Extracted records
· · · ·

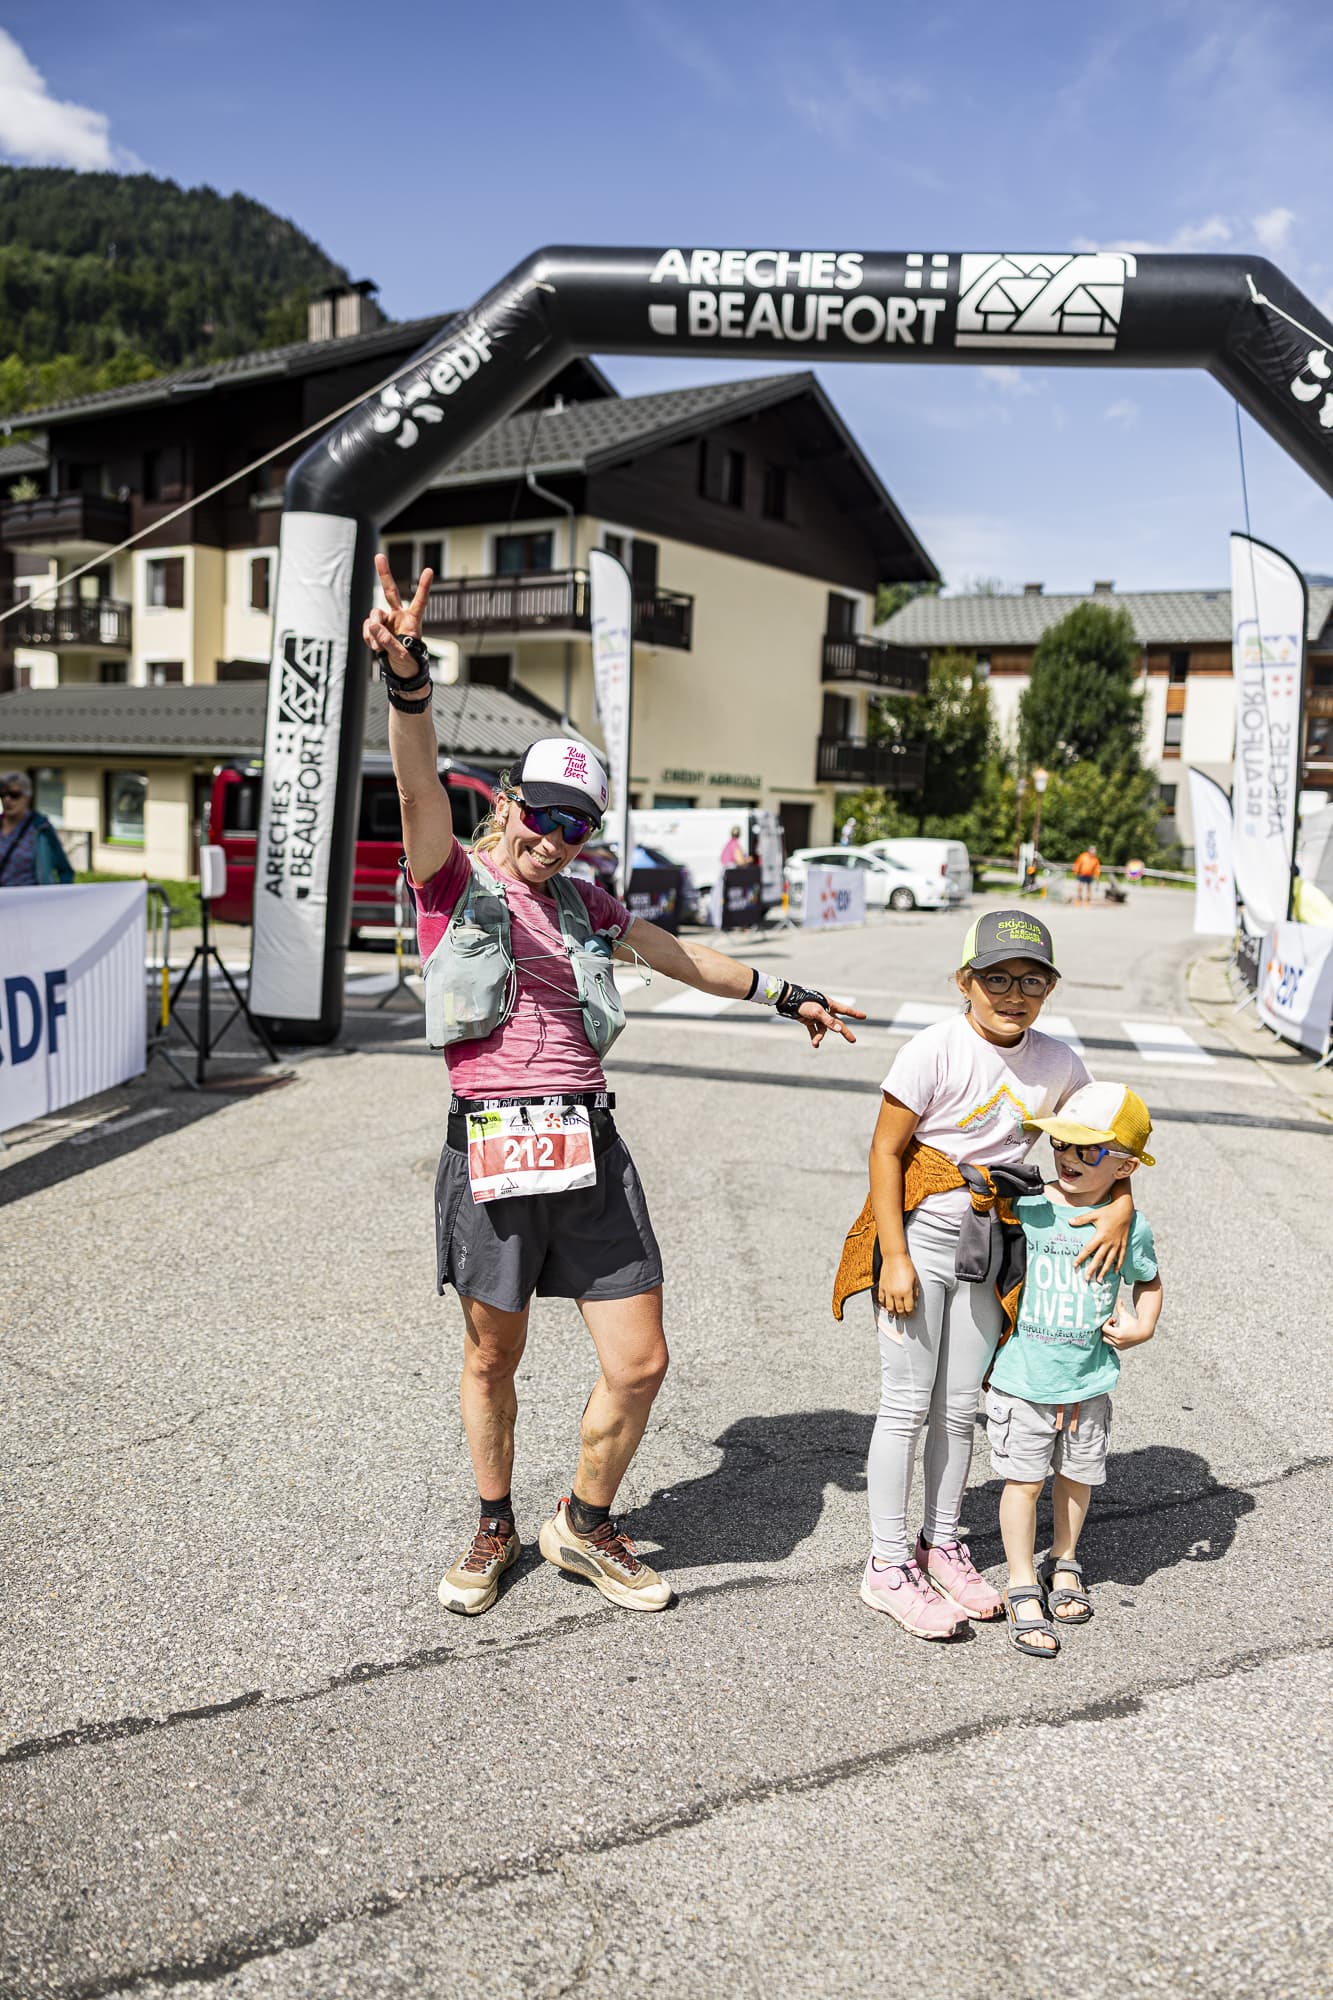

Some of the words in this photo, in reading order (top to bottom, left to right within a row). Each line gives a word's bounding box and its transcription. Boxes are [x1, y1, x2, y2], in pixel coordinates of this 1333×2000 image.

[648, 248, 865, 290] ARECHES
[687, 289, 947, 345] BEAUFORT
[563, 756, 588, 775] Trail
[566, 746, 586, 761] Run
[563, 767, 588, 784] Beer
[290, 736, 323, 877] BEAUFORT
[265, 781, 291, 898] ARECHES
[0, 968, 67, 1067] DF
[503, 1136, 555, 1170] 212
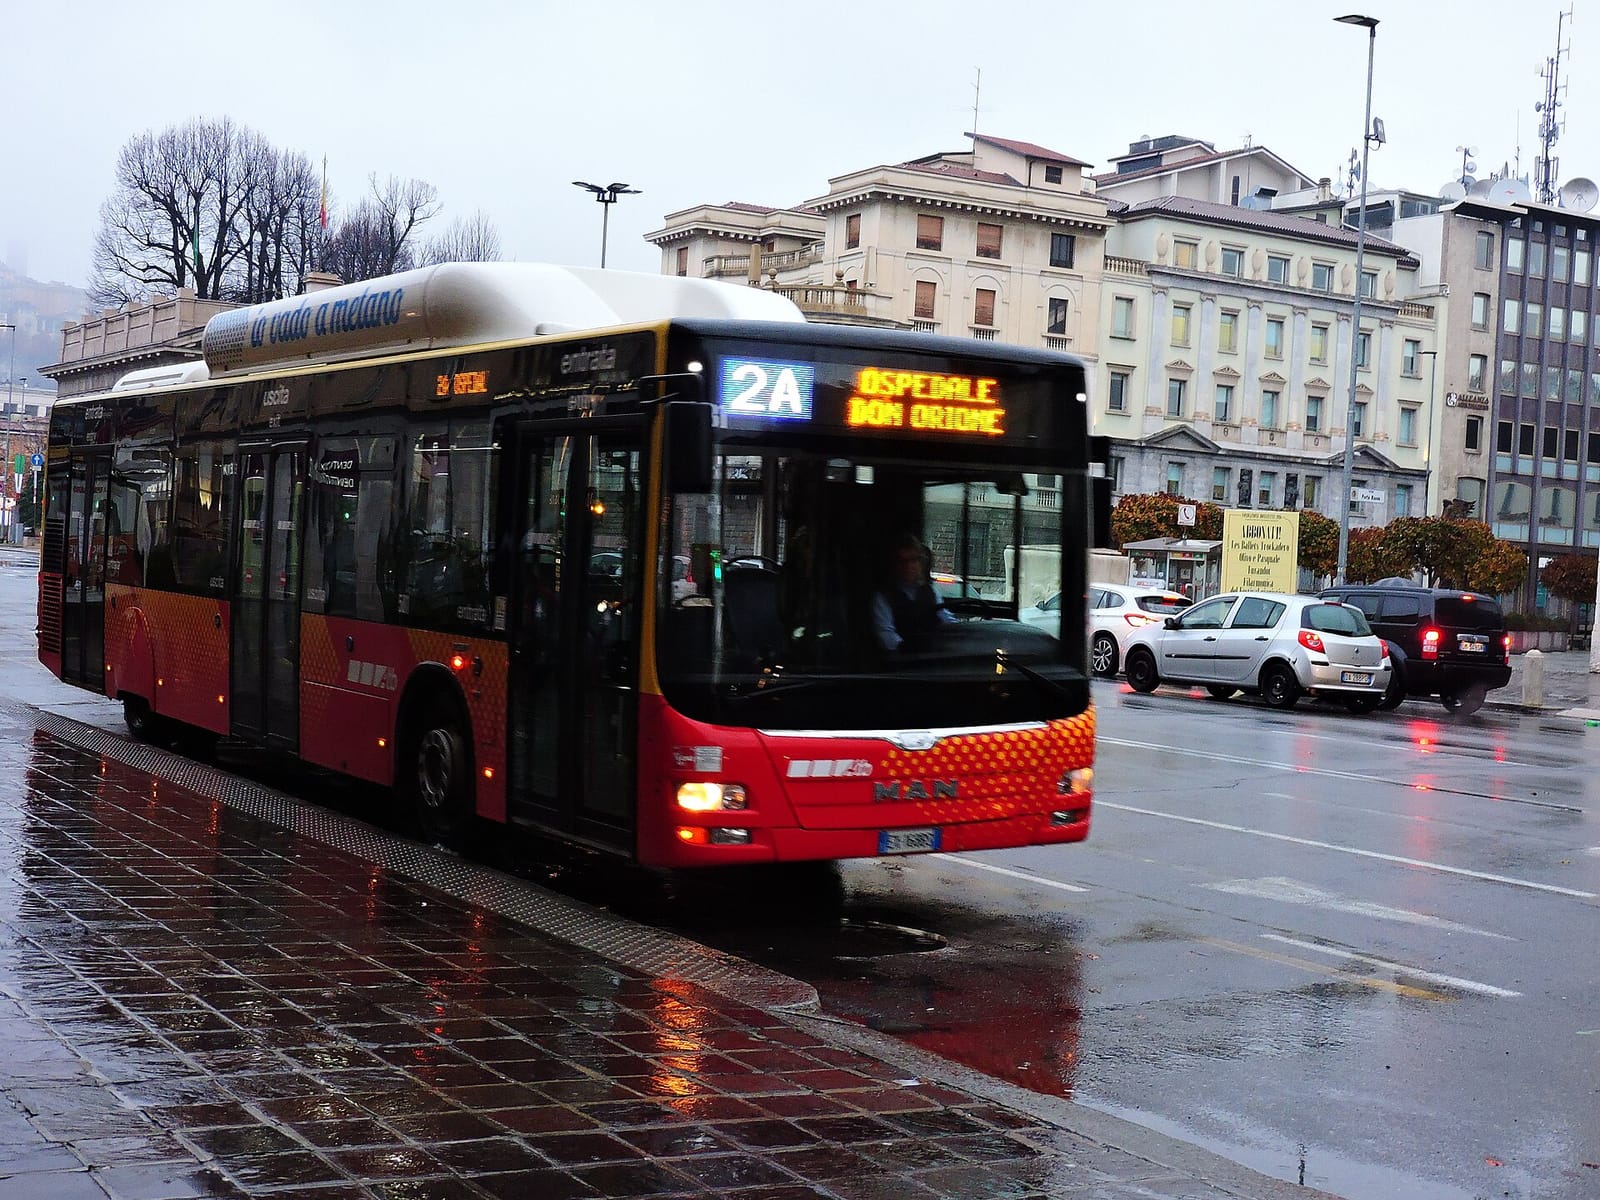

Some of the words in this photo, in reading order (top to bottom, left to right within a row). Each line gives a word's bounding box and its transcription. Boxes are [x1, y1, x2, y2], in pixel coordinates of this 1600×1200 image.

[269, 298, 313, 344] vado
[315, 302, 330, 336] a
[330, 286, 404, 334] metano
[731, 364, 801, 414] 2A
[858, 366, 997, 404] OSPEDALE
[848, 397, 903, 427] DON
[874, 778, 959, 803] MAN
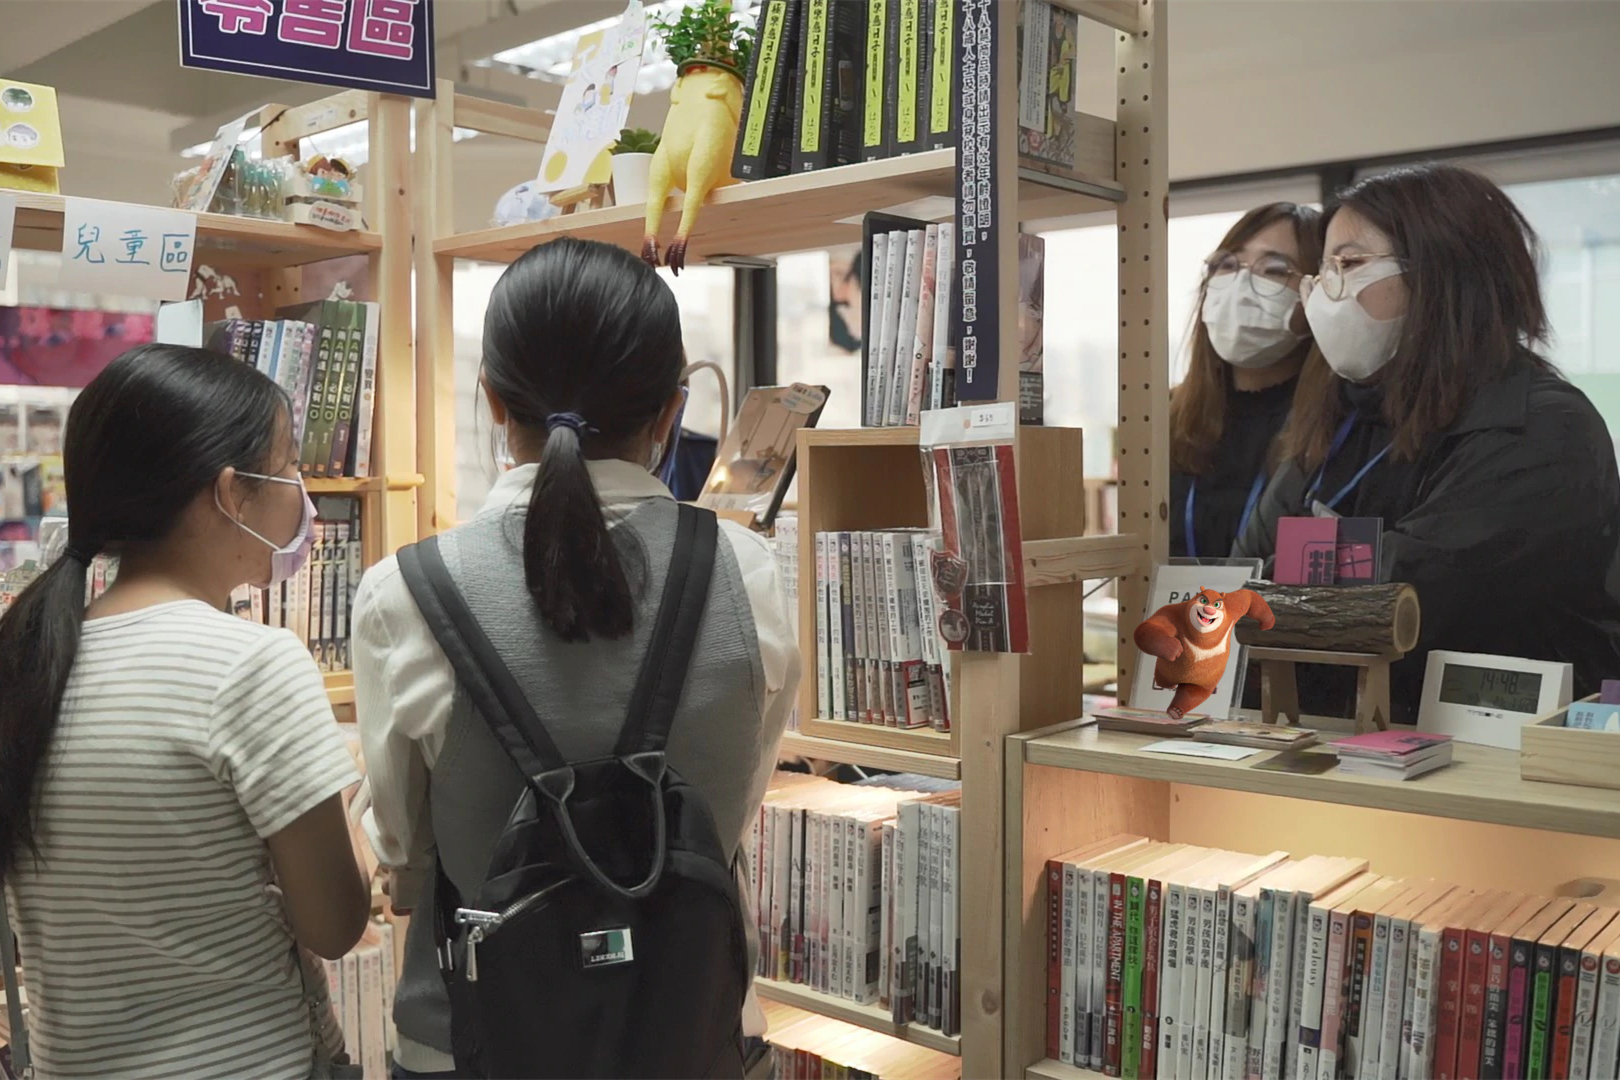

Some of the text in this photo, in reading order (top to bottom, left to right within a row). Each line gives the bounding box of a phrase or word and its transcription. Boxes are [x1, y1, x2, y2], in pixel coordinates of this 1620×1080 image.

[72, 222, 190, 273] 兒童區
[1480, 671, 1519, 695] 14:48
[1110, 900, 1122, 982] IN THE APARTMENT
[1306, 936, 1322, 988] Jealousy

· · · ·

• Exercise description:
Skip the pictures, then retype every line above exactly.

• Output of the exercise:
Some of the words in this photo, in reading order (top to bottom, left to right within a row). Each line gives a word's bounding box and its transcription. Boxes are [x1, y1, x2, y2], in pixel coordinates of this 1333×2000 image.

[648, 248, 865, 290] ARECHES
[687, 289, 947, 345] BEAUFORT
[563, 756, 588, 775] Trail
[566, 746, 586, 761] Run
[563, 767, 588, 784] Beer
[290, 736, 323, 877] BEAUFORT
[265, 781, 291, 898] ARECHES
[0, 968, 67, 1067] DF
[503, 1136, 555, 1170] 212

Some of the words in this photo, in reading order (top to bottom, left to right within a row). Each line gives a word's bounding box and its transcription. Boxes are [x1, y1, x2, y2], in pixel coordinates of this 1600×1200 image.

[269, 298, 313, 344] vado
[315, 302, 330, 336] a
[330, 286, 404, 334] metano
[731, 364, 801, 414] 2A
[858, 366, 997, 404] OSPEDALE
[848, 397, 903, 427] DON
[874, 778, 959, 803] MAN

Some of the text in this photo, in reading order (top to bottom, left to right within a row). Each line gives the bounding box of a phrase or word and its transcription. Boxes are [x1, y1, x2, y2], in pixel coordinates of this 1620×1080 image.

[72, 222, 190, 273] 兒童區
[1480, 671, 1519, 695] 14:48
[1110, 900, 1122, 982] IN THE APARTMENT
[1306, 936, 1322, 988] Jealousy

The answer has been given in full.